A* with an RL Heuristic
A research team from an Israel-based company Imagry announced at the annual NVIDIA's GPU Technology Conference (GTC) having developed a deep-learning powered A* modification. They call it א* (Aleph*). Here's why their approach seems interesting:
- א* uses an RL-based heuristic. This solves the key pain point of the A* algorithm - developing heuristics that are effective and generalize well is hard. Learning them from experience to reduce the search tree is the way to go.
- א* draws inspiration from AlphaGo Zero. א* though replaces the MCTS with A* to reduce the explored tree size. Both the accumulated reward and the expected reward are taken into account to make search decisions.
- They also mention that A* solutions are optimal. MCTS approaches optimality yet there's no proof for that. The former issue inspired them to use the good old A* instead of relying on sampling techniques. Though, heuristic has to be admissible and consistent. This is a bummer. Let me explain. It looks like they engineered the heuristic to eventually converge to making optimal forecasts, as the algorithm maximizes the future reward. The reward R = 1/cost in א*. Equivalently, we can say that the heuristic function is trained to minimize the cost. A perfect heuristic of A* always yields minimal cost.

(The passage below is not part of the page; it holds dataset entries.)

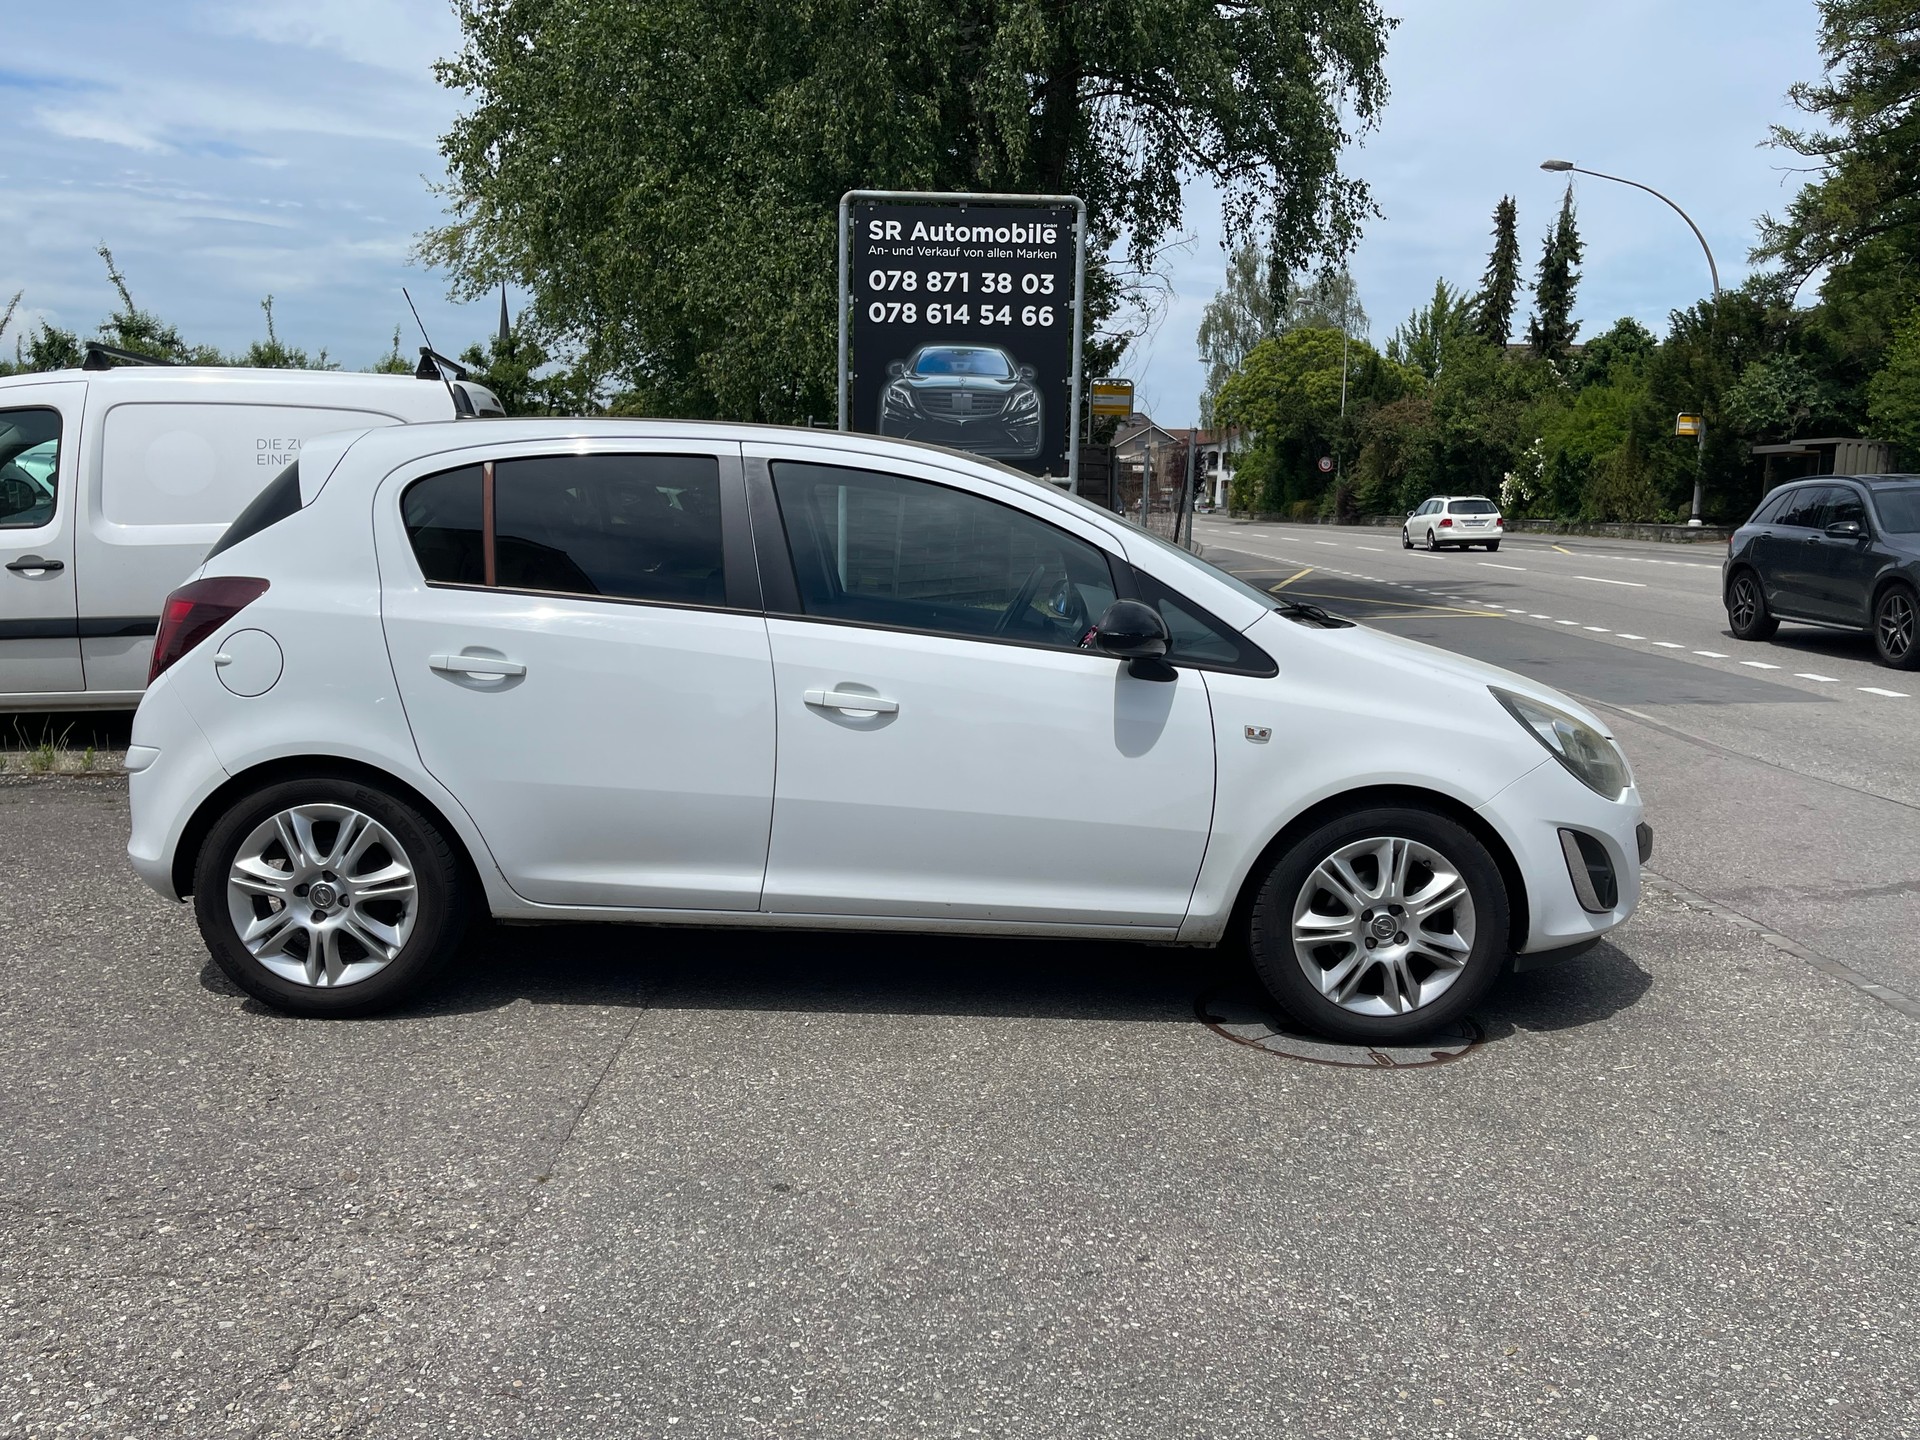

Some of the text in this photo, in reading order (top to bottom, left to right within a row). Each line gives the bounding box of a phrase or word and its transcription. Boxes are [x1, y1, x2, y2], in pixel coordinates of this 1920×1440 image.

[869, 220, 902, 240] SR
[910, 222, 1057, 244] Automobile
[868, 245, 1057, 259] An- und Verkauf von allen Marken
[868, 269, 1055, 295] 078 871 38 03
[868, 302, 1054, 327] 078 614 54 66
[256, 438, 282, 450] DIE
[256, 453, 292, 465] EINF

So the problem here is that the heuristic function is inadmissible (overestimating) unless converged, which yields sub-optimal solutions. Maybe adding admissibility and consistentness (haven't found such a word in the dictionary though, closest one was uniformity) constraints to the heuristic function would help the algorithm to converge to optimality faster, who knows.
I think I'll try experiment with their solution on a real road network to see how well it behaves. For the last 2 months I've been working on applying RNNs for optimal route planning on real road networks, and the key component my search algorithm lacked was the robustness of A* (my algorithm gets stuck in loops quite often).